The performance of these machine learning techniques is compared for two subsystems of Mozilla and two subsystems of Apache Http Server. The results are analyzed to arrive at general conclusions regarding the applicability of the techniques.

The rest of this paper is organized as follows: Sect. 2 presents an overview of related work in bug prediction. Section 3 describes the concept of Entropy of changes. The data extraction algorithm and metrics calculation is explained in Sect. 4. Section 5 describes the regression techniques that have been compared. Results are analyzed in Sect. 6 while Sect. 7 discusses the threats to validity. The study is finally concluded in Sect. 8.

2 Related work

Many Bug Prediction approaches have been developed by distinguished researchers. Mende and Koschke (2009) verified that a trivial defect prediction model such as large files are more prone to bugs performs well when a classic evaluation metric is used, but fails badly when an effort-aware performance metric is used. D’Ambros et al. (2012) have compared the performance of various such techniques. They developed a benchmark for bug prediction that includes process metrics, system metrics and defect history of five open source software projects: Eclipse JDT Core, Eclipse PDE UI, Equinox framework, Mylyn and Apache Lucene. The approaches are evaluated using a binary classification scenario, a ranking-based evaluation and an effort-aware ranking-based evaluation. Also, two effort-aware models were also evaluated and compared with a classical prediction model. Khoshgoftaar et al. (1996) used the number of past modifications to the module to predict bug-prone entities in the software system. It was concluded by them that the number of modifications in the past reliably predict future bugs. Nagappan and Ball (2005) also conducted a study on the influence of code churn or the number of changes to the system on the defect density. Their study was validated for Windows Server 2003 and it was found that relative code churn predicted better than absolute churn. Zhou and Leung (2006) built bug prediction models that could classify bugs according to two levels of severity-high and low. Later, Singh et al. (2010) used machine learning techniques to classify bugs in three severity levels-low, medium and high.

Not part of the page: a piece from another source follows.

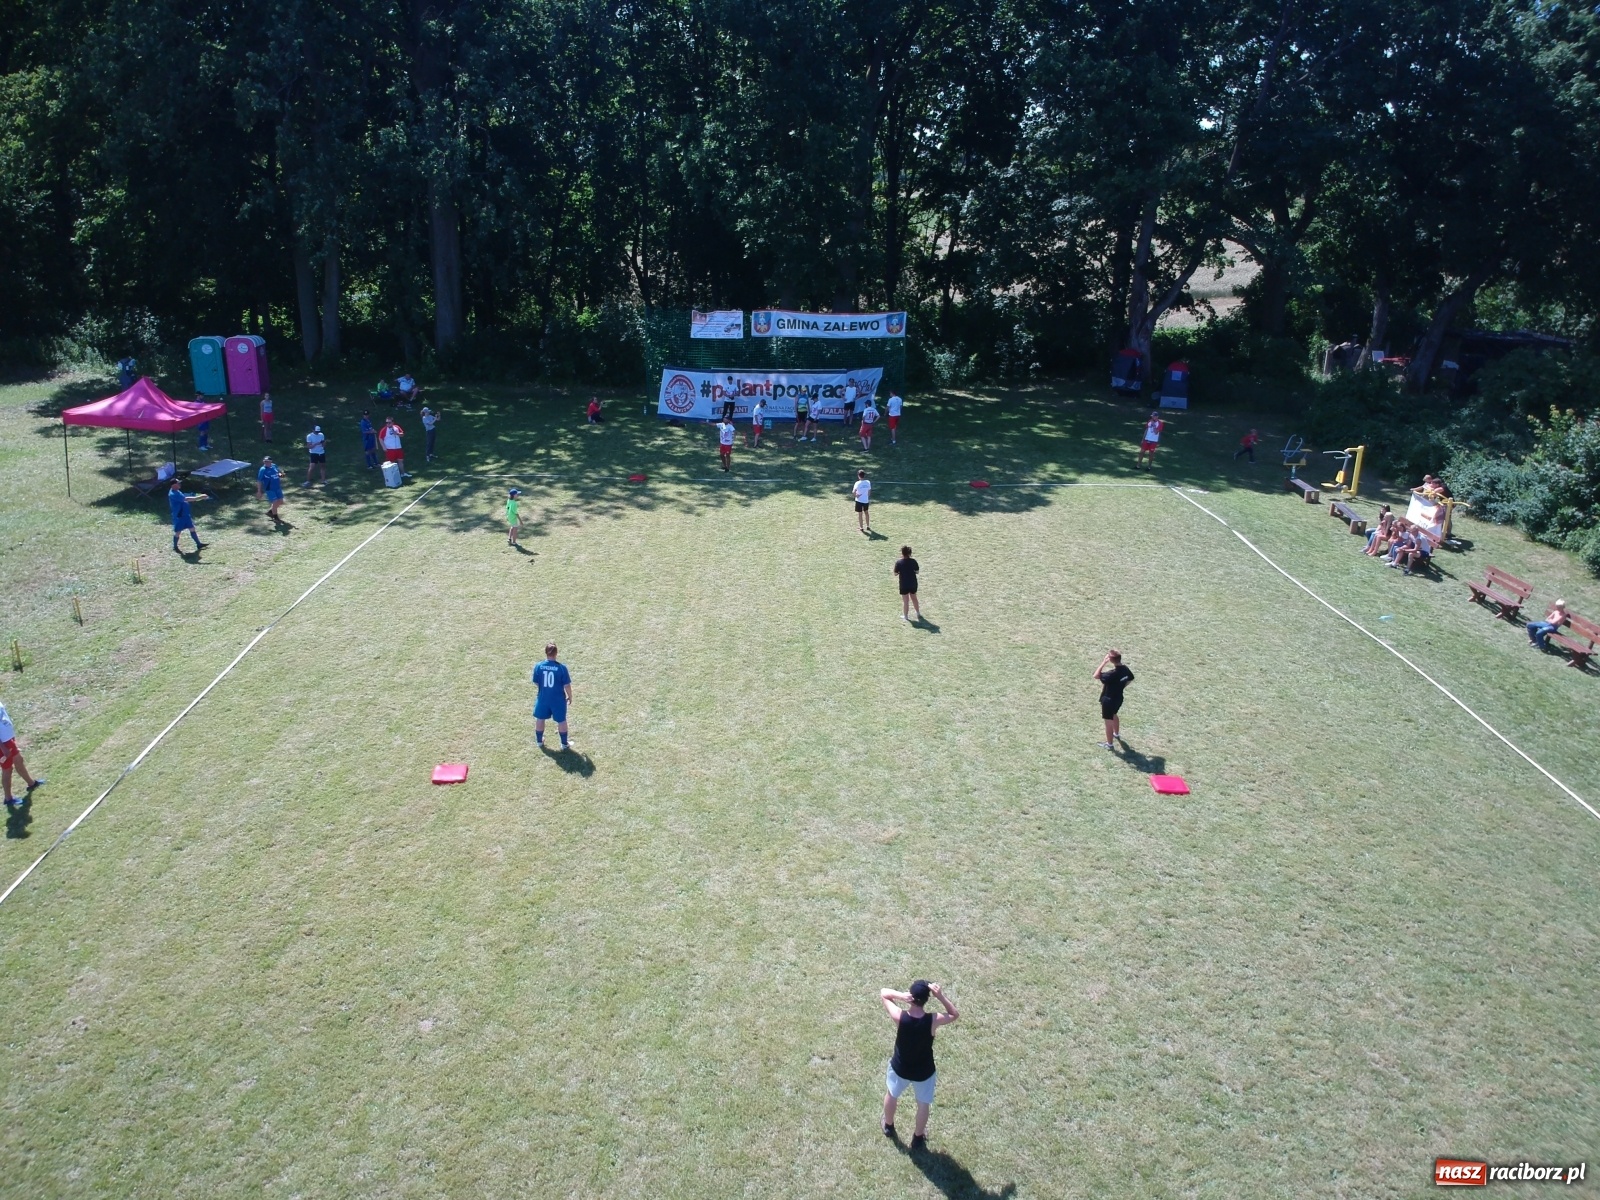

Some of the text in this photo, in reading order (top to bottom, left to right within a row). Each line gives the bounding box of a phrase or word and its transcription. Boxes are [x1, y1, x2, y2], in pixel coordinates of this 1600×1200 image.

[776, 318, 880, 332] GMINA ZALEWO
[700, 378, 848, 403] #plantpowrac
[543, 671, 554, 687] 10
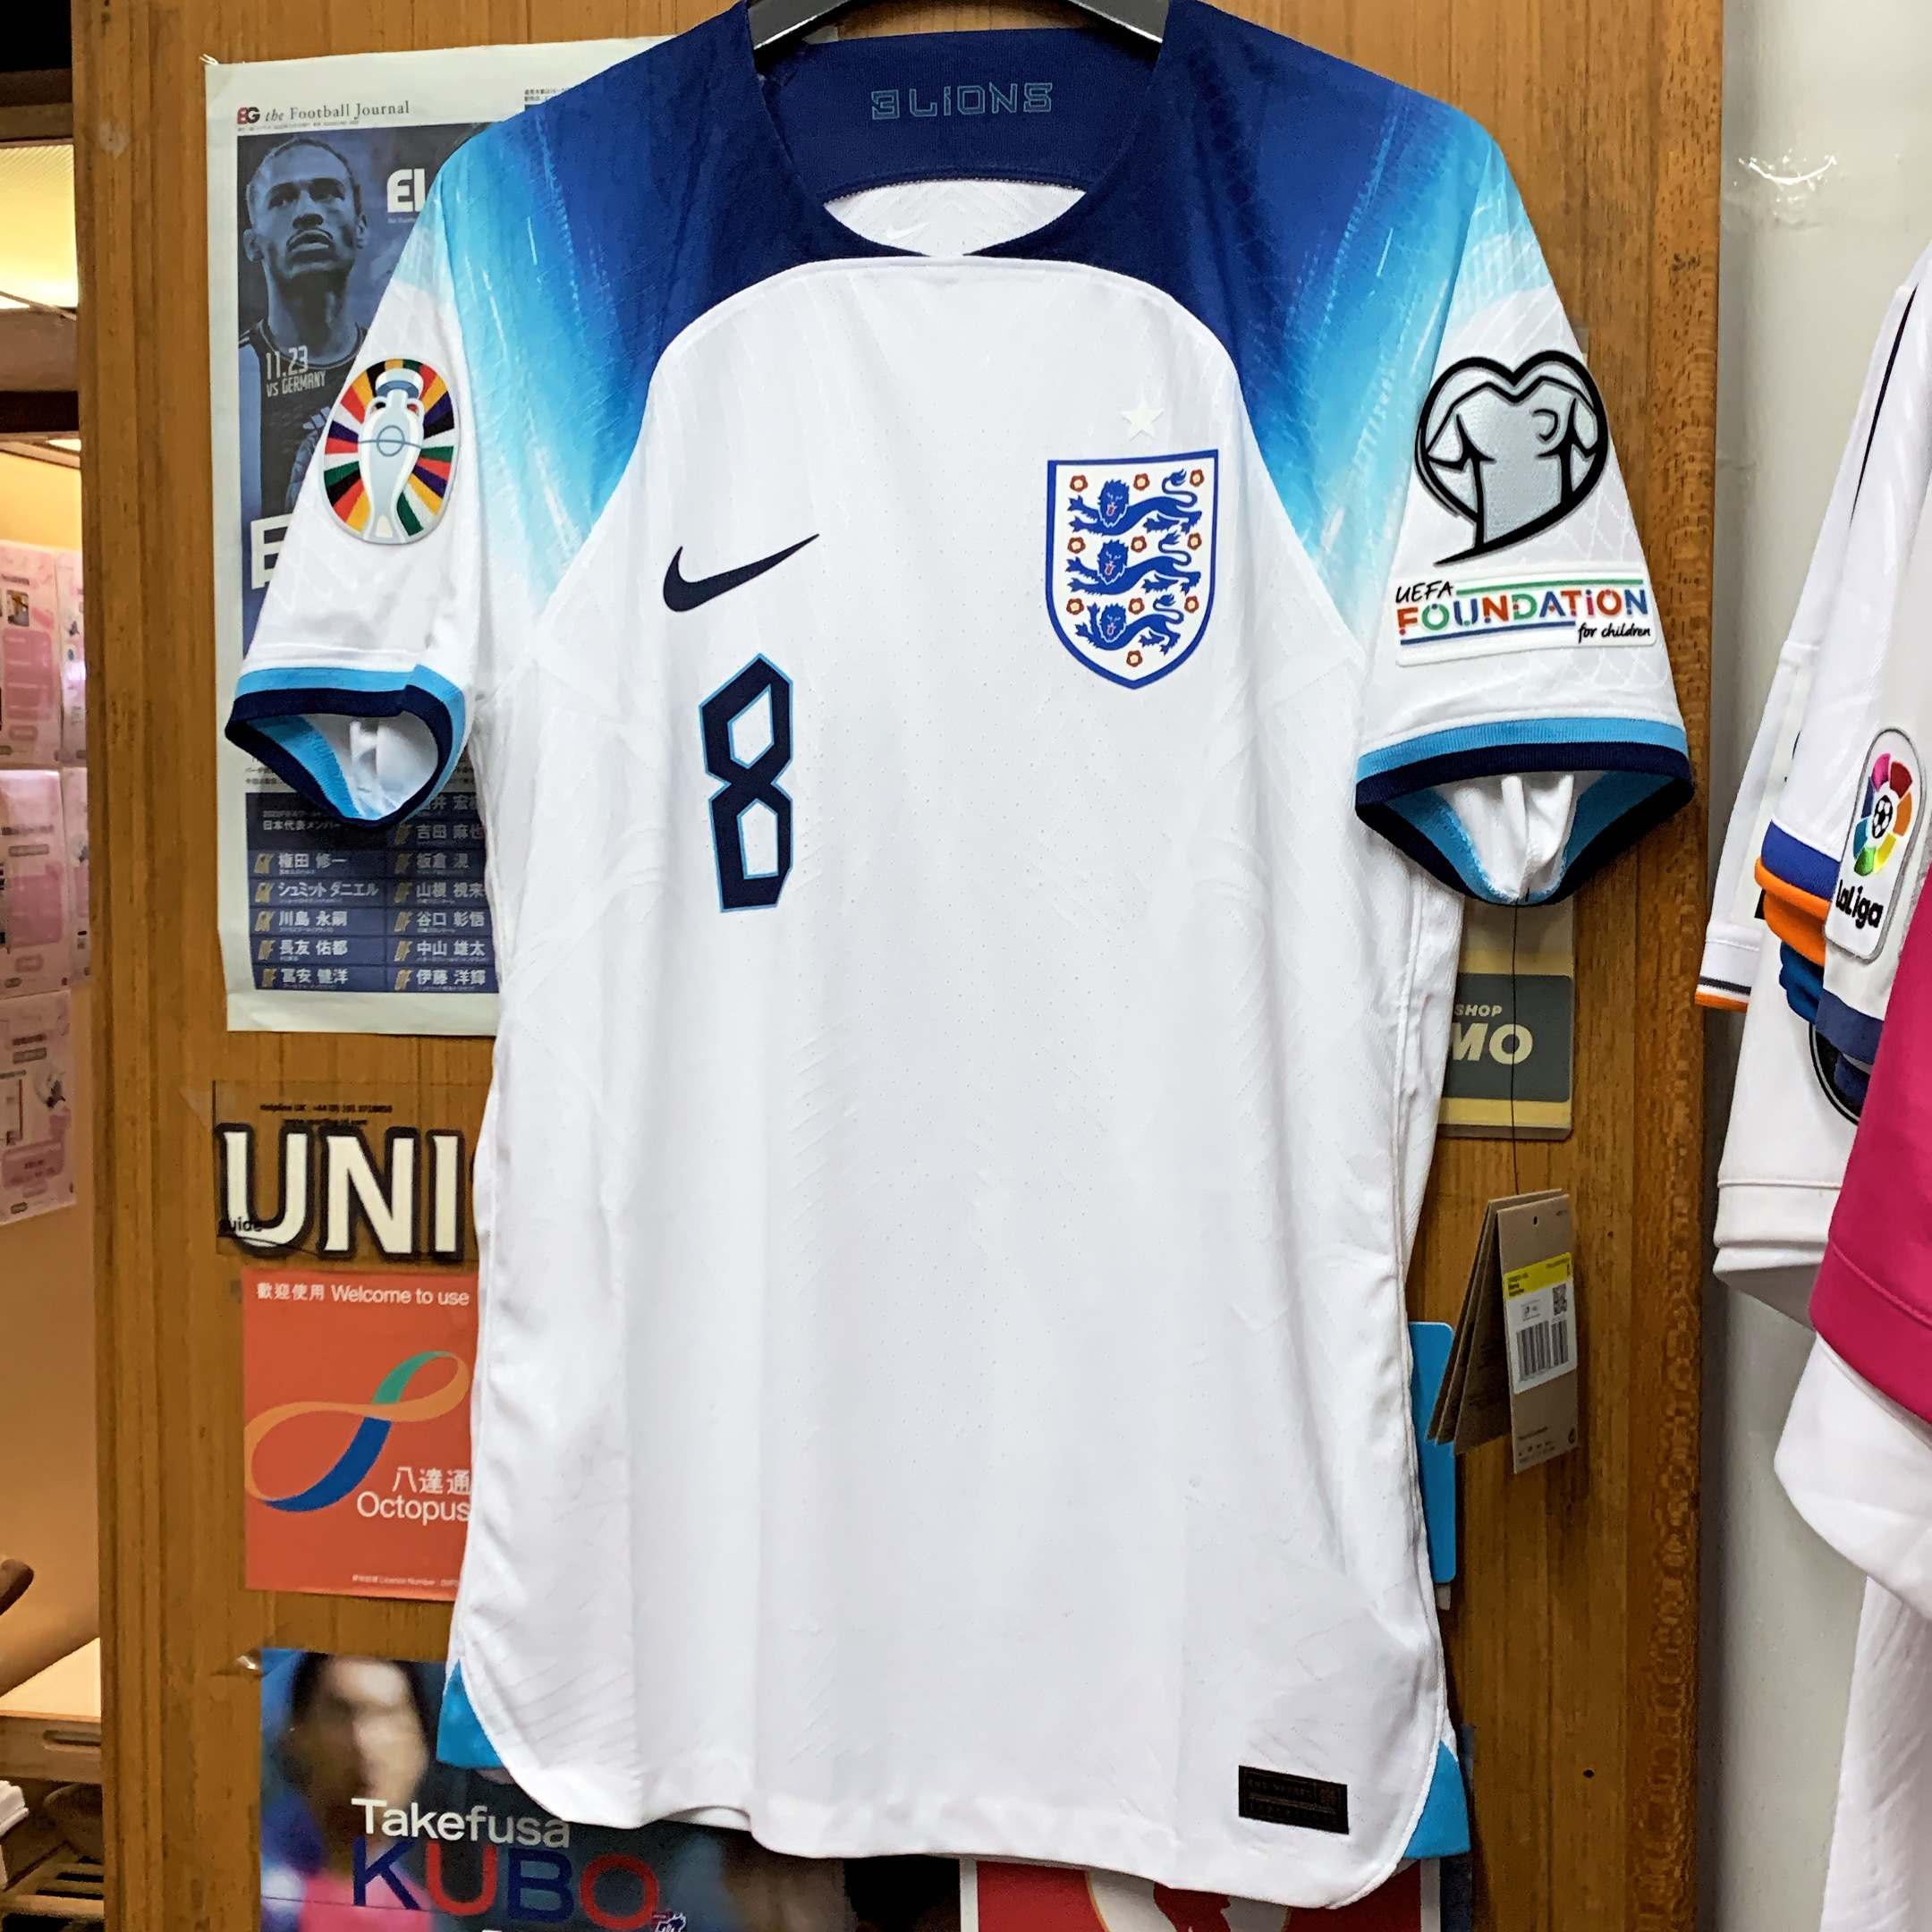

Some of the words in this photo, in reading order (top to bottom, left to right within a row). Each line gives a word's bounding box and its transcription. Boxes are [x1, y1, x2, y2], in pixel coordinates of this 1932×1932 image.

A lot of work has been done to determine the best techniques for prediction. Khoshgoftaar et al. (1997) applied neural networks for bug prediction using procedural static code metrics as predictor variables. Thwin and Quah (2005) applied generalized regression neural networks and used object-oriented static code metrics as predictor variables to predict bugs. Kanmani et al. (2007) used object-oriented static code metrics as predictor variables and applied two different kinds of neural network techniques for bug prediction. Menzies et al. (2007) conducted a study that suggested that the category of static source code metrics employed is not as important as the learning algorithm that is used for prediction. They used the datasets from NASA Metrics Data Program (MDP) to conclude this. Their study compared the impact of using various categories of software metrics like Halstead metrics, Lines of code, McCabe complexity metrics with the impact of using various learning algorithms like J48, Naive Bayes and OneR. Tosun et al. (2011) performed a study on bug prediction on embedded software projects using classifier ensembles and found that 70 % defects could be detected. Their study is based on static code metrics. Rodrigues et al. (2013) utilized static code metrics datasets from PROMISE (Menzies et al. 2016) data repository and bug prediction datasets developed by D’Ambros et al. (2012) and suggested an evolutionary subgroup based descriptive approach for defect prediction rather than the precise classification techniques. Malhotra (2014) performed comparative analysis of statistical and machine learning techniques for bug prediction using static code metrics. They found that decision tree method was better than logistic regression and other machine learning techniques. Okutan and Yildiz (2014) applied Bayesian networks in code and process metrics bug prediction and found that there was positive correlation between number of developers and level of defects. Dejaeger et al. (2013) applied fifteen different Bayesian network classifiers in static code metrics based bug prediction and found that they had better comprehensibility than other machine learning techniques. We have presented a brief review of machine learning techniques in bug prediction. There are three noteworthy systematic literature reviews on bug prediction (Catal 2011; Radjenovic et al. 2013; Malhotra 2015). Two significant observations from these reviews are:

  • Most bug prediction studies use static code metrics as predictors or independent variables

  • The dependent or response variable is binary in most bug prediction studies.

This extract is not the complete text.